§ **ACTIVITY**
The expected output is the line bearing "this 1788×1247 image." followed by all remaining lines of the records, each restated word for word.

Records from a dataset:
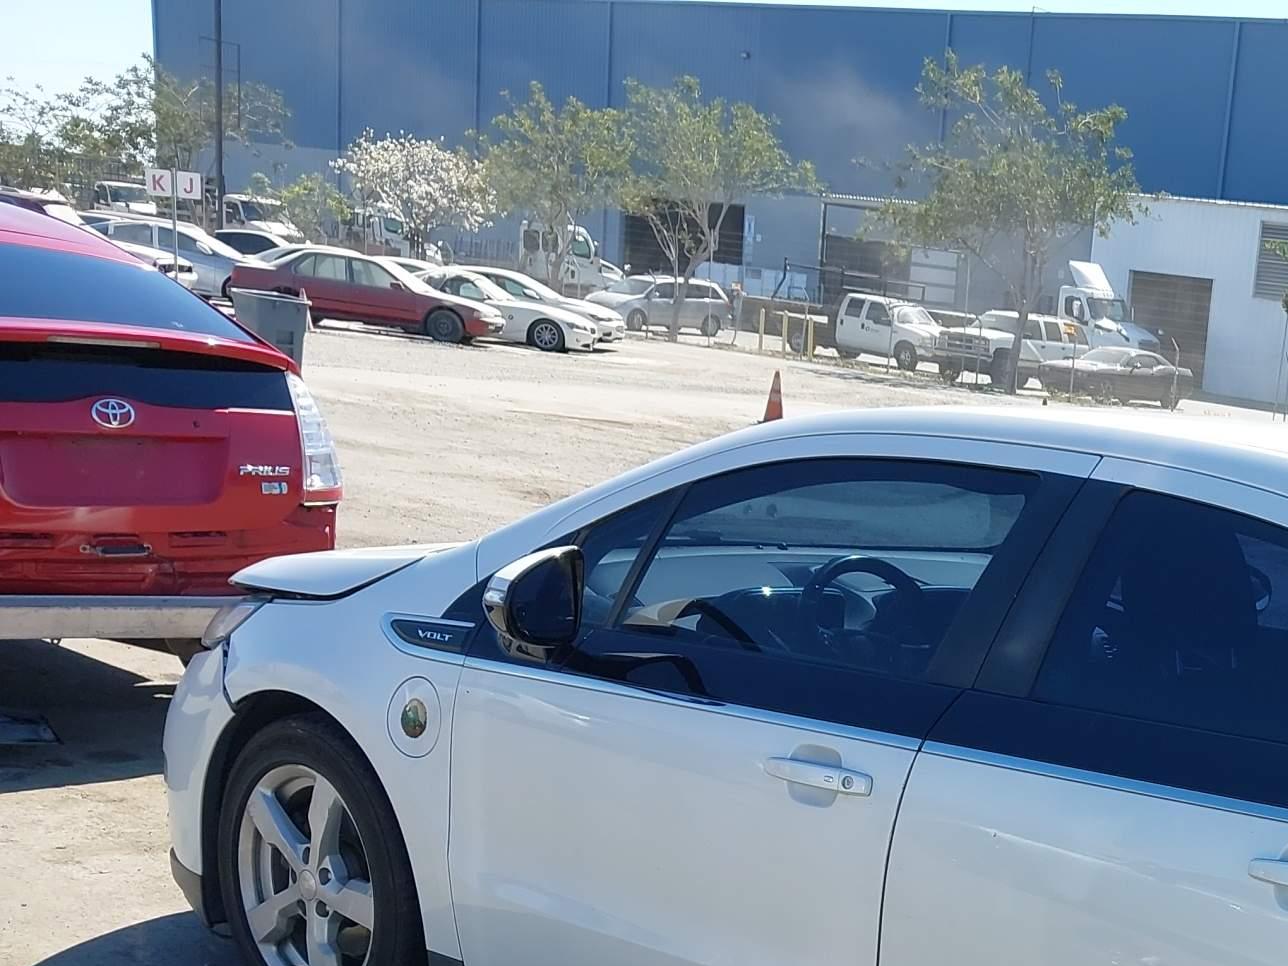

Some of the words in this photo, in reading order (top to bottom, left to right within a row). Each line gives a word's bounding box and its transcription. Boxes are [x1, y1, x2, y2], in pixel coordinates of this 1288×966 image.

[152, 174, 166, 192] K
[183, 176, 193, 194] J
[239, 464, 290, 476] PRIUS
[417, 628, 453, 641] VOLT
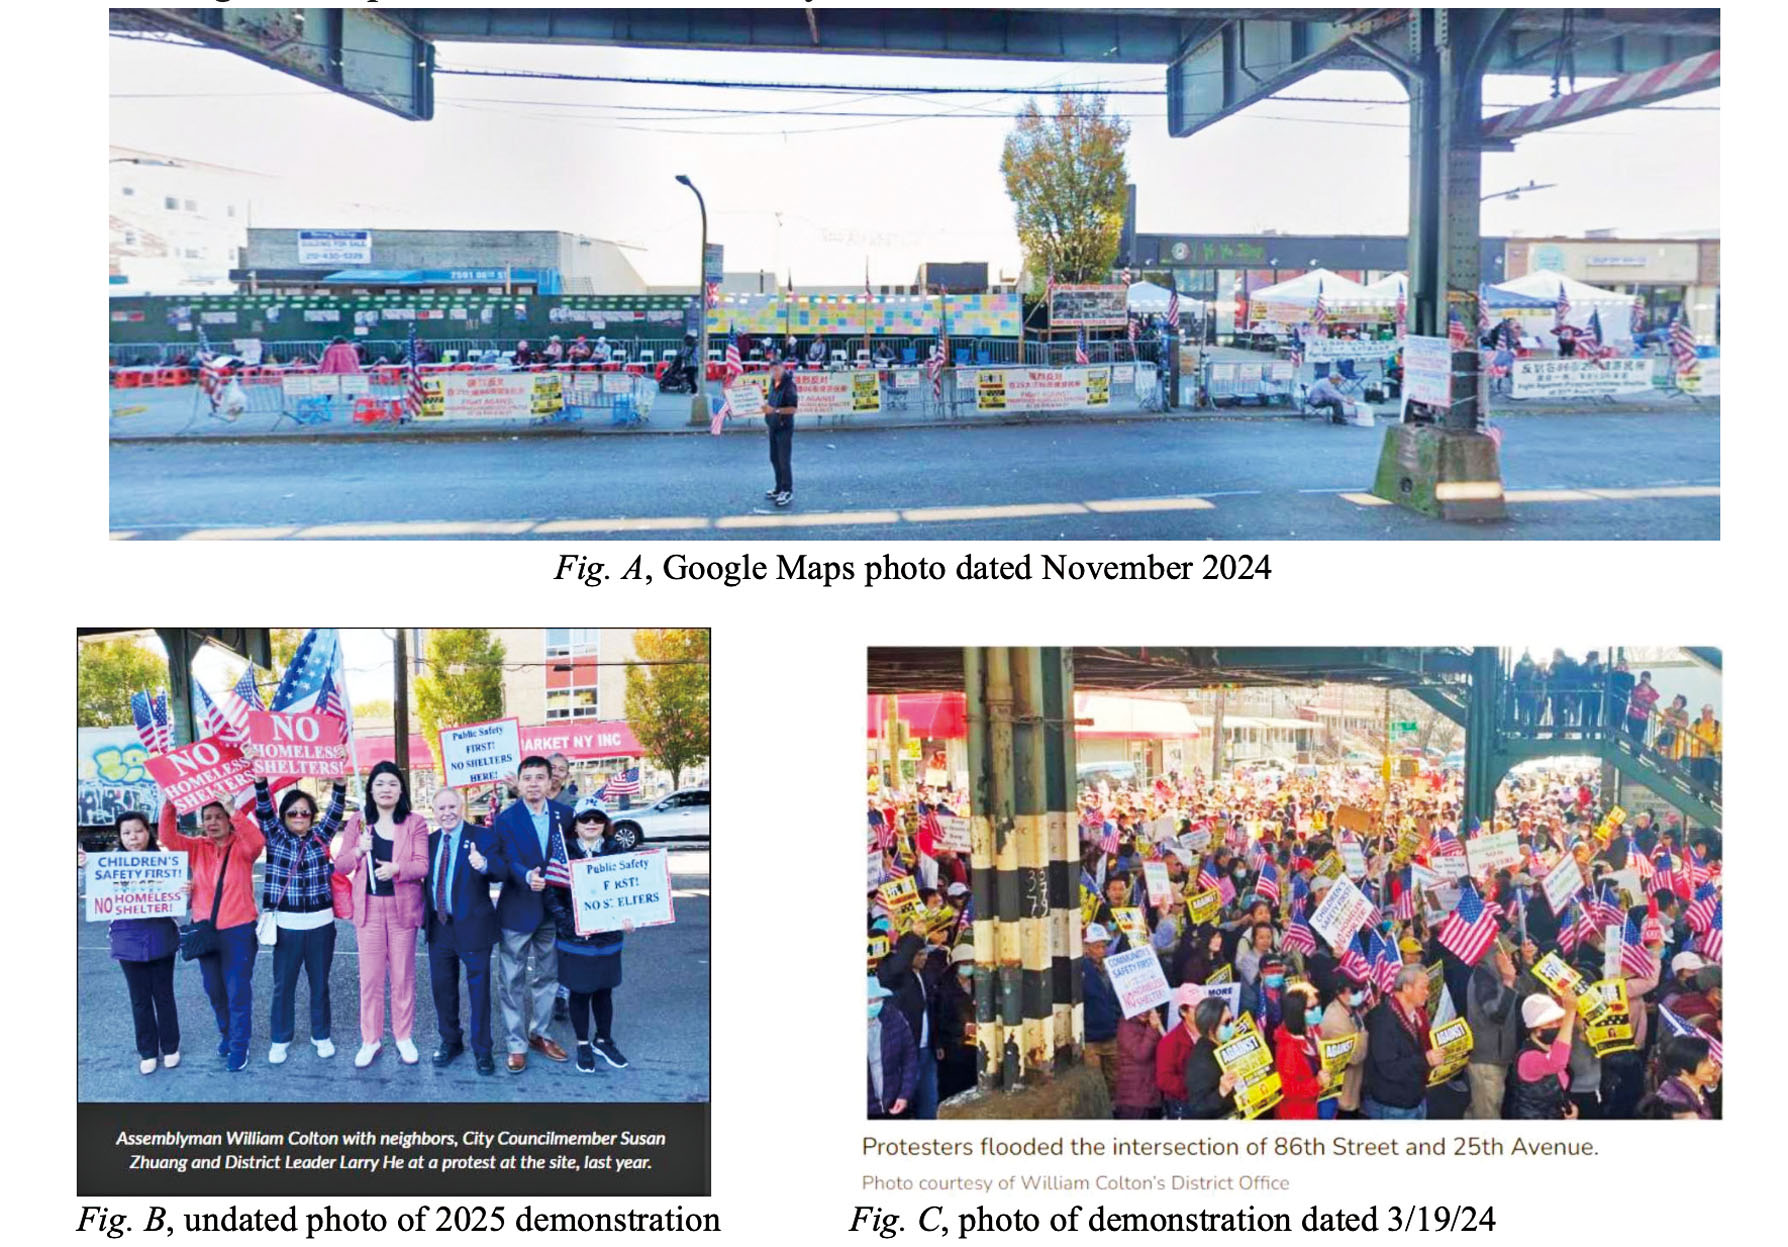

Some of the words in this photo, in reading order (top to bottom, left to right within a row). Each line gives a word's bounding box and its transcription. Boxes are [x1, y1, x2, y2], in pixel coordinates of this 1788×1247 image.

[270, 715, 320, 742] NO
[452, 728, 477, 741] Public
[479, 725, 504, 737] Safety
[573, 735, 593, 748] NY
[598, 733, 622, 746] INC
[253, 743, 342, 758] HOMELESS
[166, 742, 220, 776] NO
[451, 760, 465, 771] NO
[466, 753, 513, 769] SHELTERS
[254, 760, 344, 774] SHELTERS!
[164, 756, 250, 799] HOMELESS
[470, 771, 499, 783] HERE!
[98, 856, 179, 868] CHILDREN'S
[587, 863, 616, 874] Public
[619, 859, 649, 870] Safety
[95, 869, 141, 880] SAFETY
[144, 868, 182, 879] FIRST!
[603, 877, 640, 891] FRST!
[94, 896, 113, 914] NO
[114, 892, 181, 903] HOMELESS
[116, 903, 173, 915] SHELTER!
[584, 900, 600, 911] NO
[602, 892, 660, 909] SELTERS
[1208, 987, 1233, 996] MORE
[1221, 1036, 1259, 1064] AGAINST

§ **TASK RESULT**
Some of the words in this photo, in reading order (top to bottom, left to right within a row). Each line gives a word's bounding box and its transcription. Boxes are [x1, y1, x2, y2], in pixel coordinates of this 1788×1247 image.

[270, 715, 320, 742] NO
[452, 728, 477, 741] Public
[479, 725, 504, 737] Safety
[573, 735, 593, 748] NY
[598, 733, 622, 746] INC
[253, 743, 342, 758] HOMELESS
[166, 742, 220, 776] NO
[451, 760, 465, 771] NO
[466, 753, 513, 769] SHELTERS
[254, 760, 344, 774] SHELTERS!
[164, 756, 250, 799] HOMELESS
[470, 771, 499, 783] HERE!
[98, 856, 179, 868] CHILDREN'S
[587, 863, 616, 874] Public
[619, 859, 649, 870] Safety
[95, 869, 141, 880] SAFETY
[144, 868, 182, 879] FIRST!
[603, 877, 640, 891] FRST!
[94, 896, 113, 914] NO
[114, 892, 181, 903] HOMELESS
[116, 903, 173, 915] SHELTER!
[584, 900, 600, 911] NO
[602, 892, 660, 909] SELTERS
[1208, 987, 1233, 996] MORE
[1221, 1036, 1259, 1064] AGAINST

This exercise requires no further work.